-- Opening Marker --
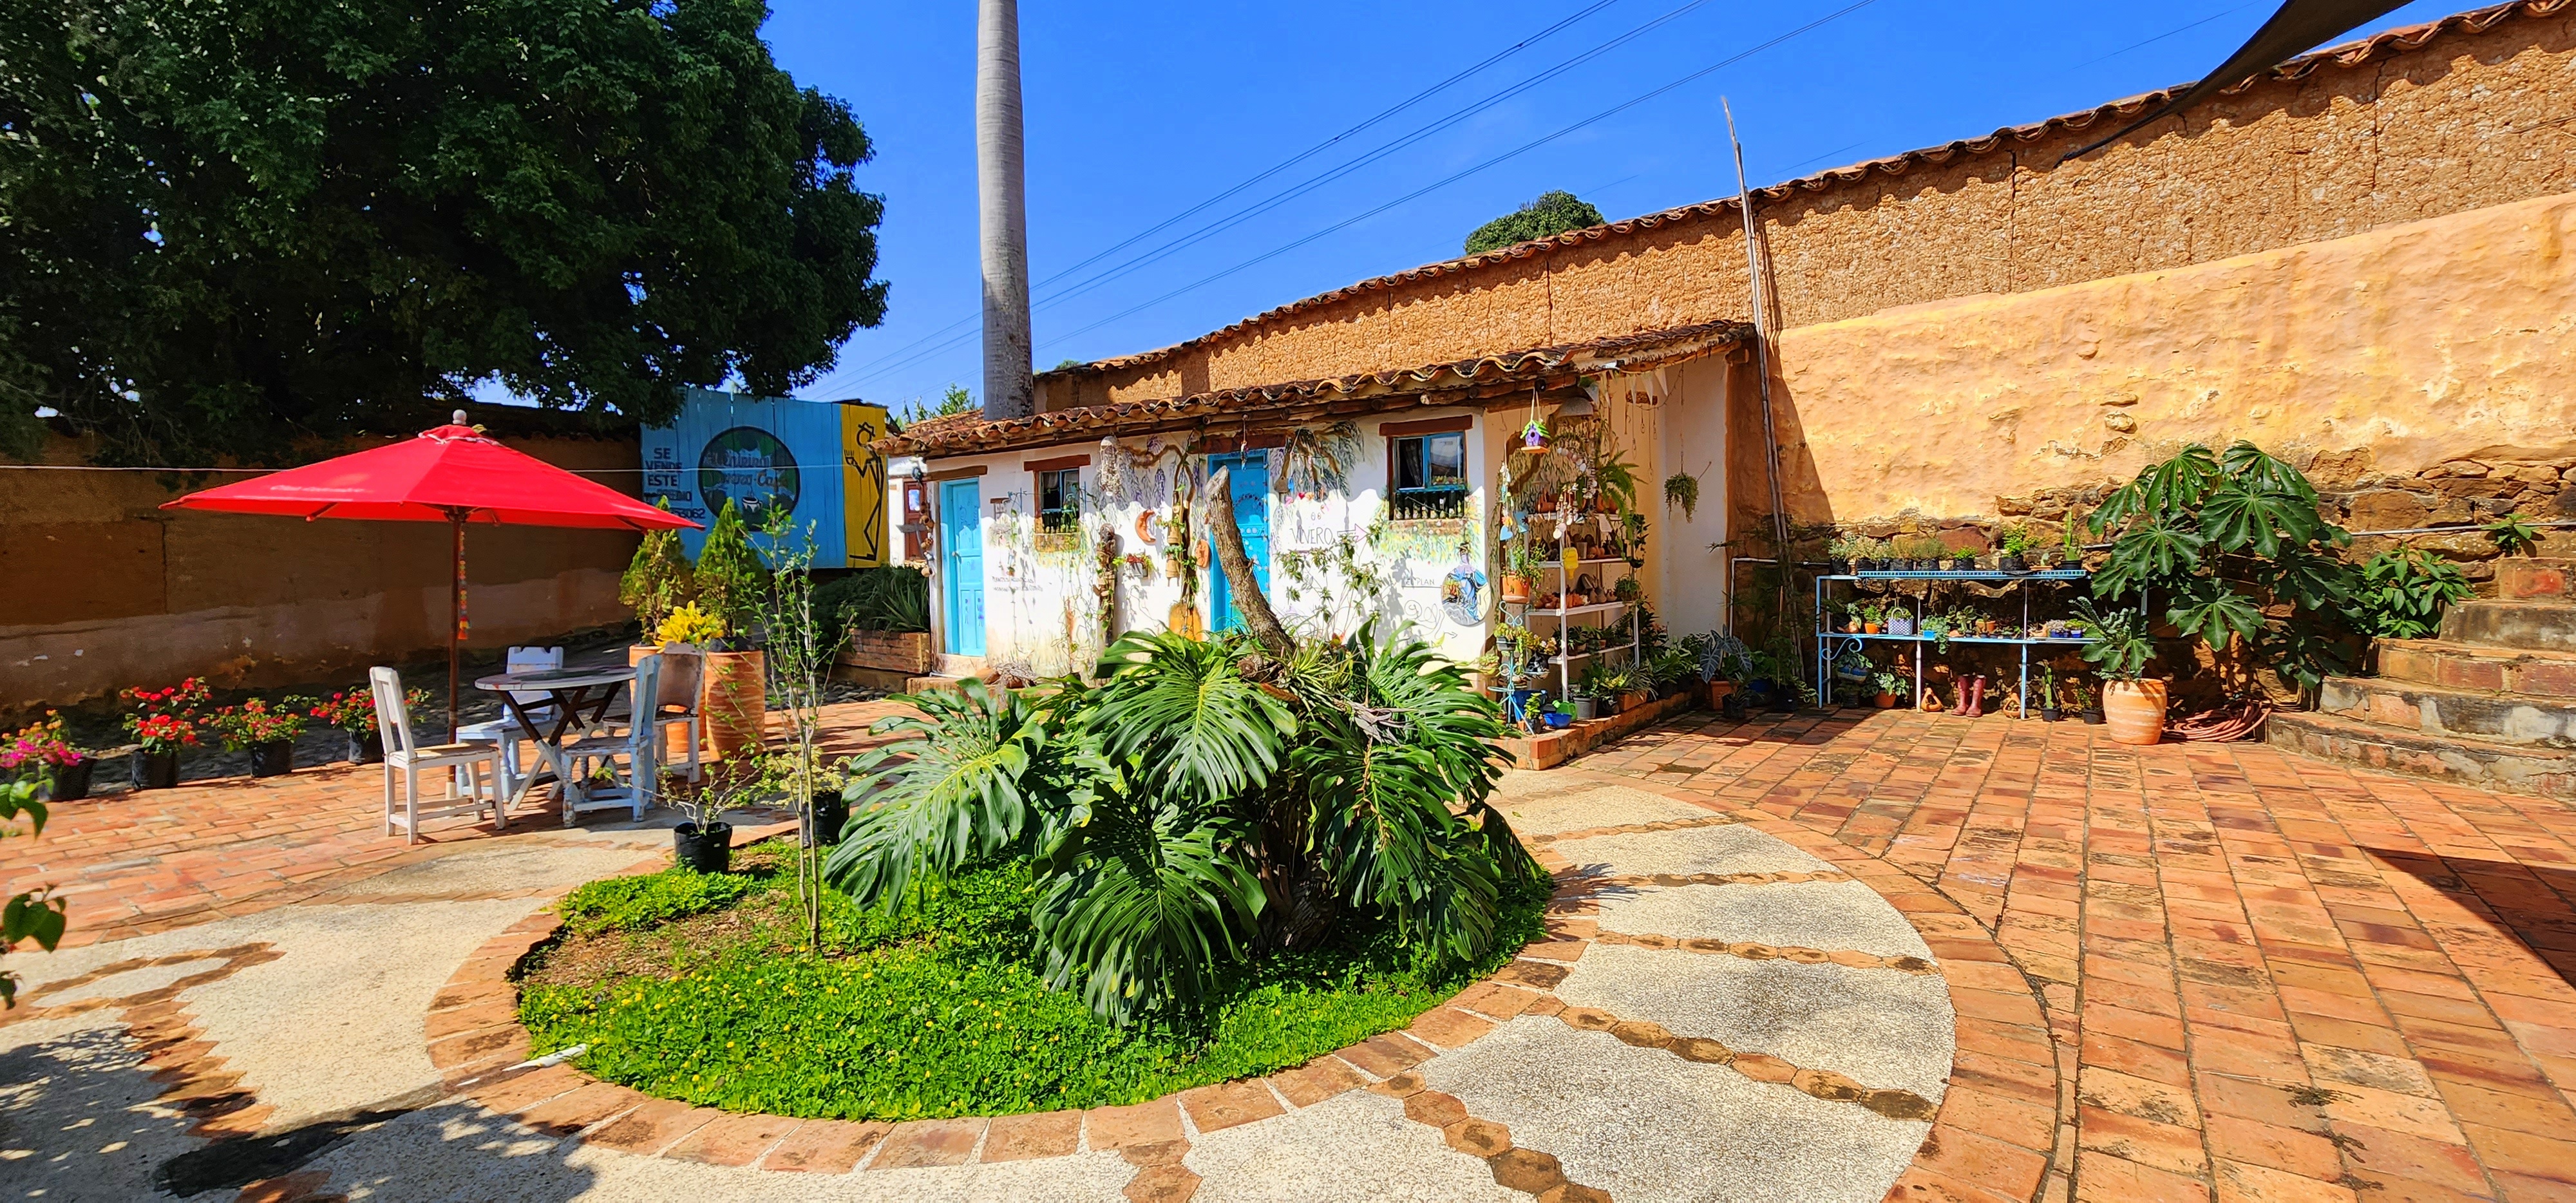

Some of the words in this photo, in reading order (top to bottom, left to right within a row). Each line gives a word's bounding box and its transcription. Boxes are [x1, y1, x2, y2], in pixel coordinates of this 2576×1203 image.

[654, 448, 671, 459] SE
[645, 460, 683, 473] VENDE
[648, 475, 677, 486] ESTE
[1289, 527, 1332, 545] VIVERO
[1417, 578, 1435, 586] PLAN
-- Closing Marker --
§ HOW TO COMPLETE THIS TASK:
Set down the full listing above with its wording unchanged. Leave out its images.

§ WRITTEN REPLY:
Some of the words in this photo, in reading order (top to bottom, left to right within a row). Each line gives a word's bounding box and its transcription. Boxes are [x1, y1, x2, y2], in pixel coordinates of this 2576×1203 image.

[654, 448, 671, 459] SE
[645, 460, 683, 473] VENDE
[648, 475, 677, 486] ESTE
[1289, 527, 1332, 545] VIVERO
[1417, 578, 1435, 586] PLAN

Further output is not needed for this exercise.